_WHAT YOU HAVE TO DO:_
Your copy should match the records below exactly, except for the pictures.

_STUDY MATERIAL:_
━━━━━━━━━━━━━━━━

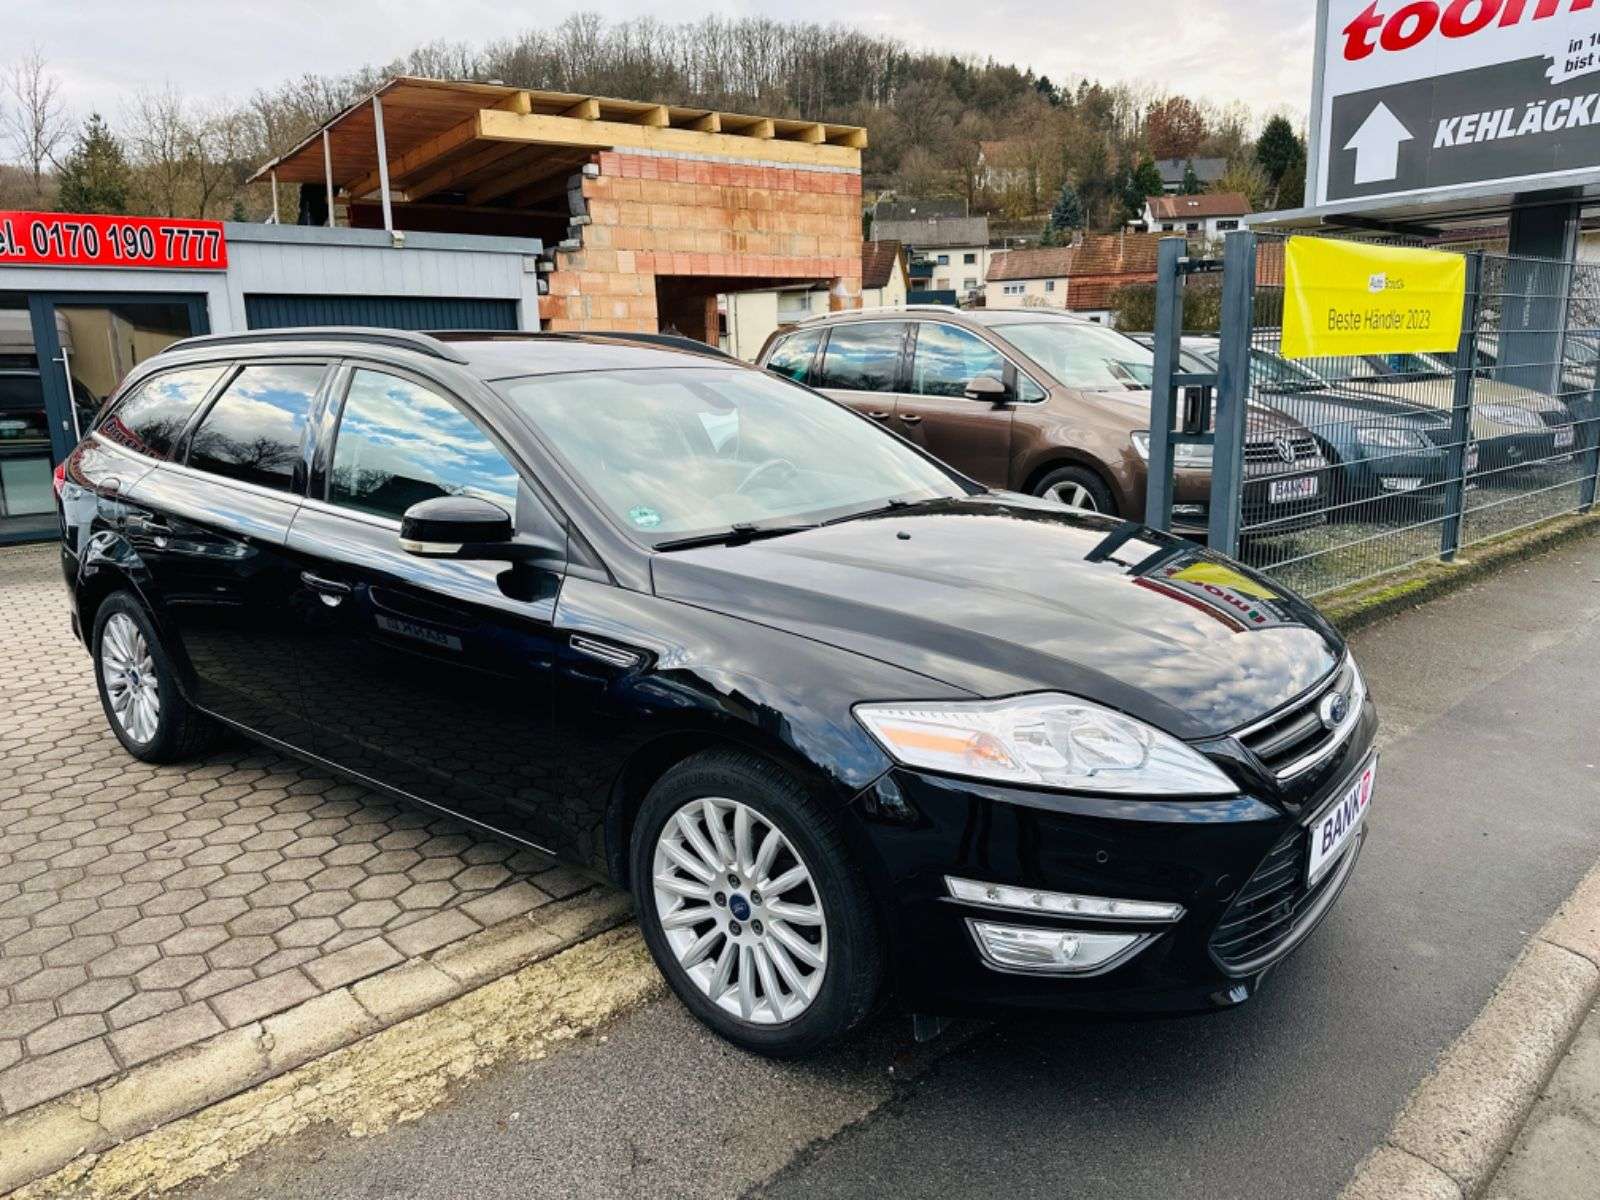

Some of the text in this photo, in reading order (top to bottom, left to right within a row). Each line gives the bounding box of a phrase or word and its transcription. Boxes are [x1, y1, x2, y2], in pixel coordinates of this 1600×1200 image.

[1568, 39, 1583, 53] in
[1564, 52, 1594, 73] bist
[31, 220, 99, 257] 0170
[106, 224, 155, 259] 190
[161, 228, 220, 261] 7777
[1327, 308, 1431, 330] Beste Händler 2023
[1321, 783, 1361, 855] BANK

━━━━━━━━━━━━━━━━

_PROBLEM SOLUTION:_
Some of the text in this photo, in reading order (top to bottom, left to right within a row). Each line gives the bounding box of a phrase or word and its transcription. Boxes are [x1, y1, x2, y2], in pixel coordinates of this 1600×1200 image.

[1568, 39, 1583, 53] in
[1564, 52, 1594, 73] bist
[31, 220, 99, 257] 0170
[106, 224, 155, 259] 190
[161, 228, 220, 261] 7777
[1327, 308, 1431, 330] Beste Händler 2023
[1321, 783, 1361, 855] BANK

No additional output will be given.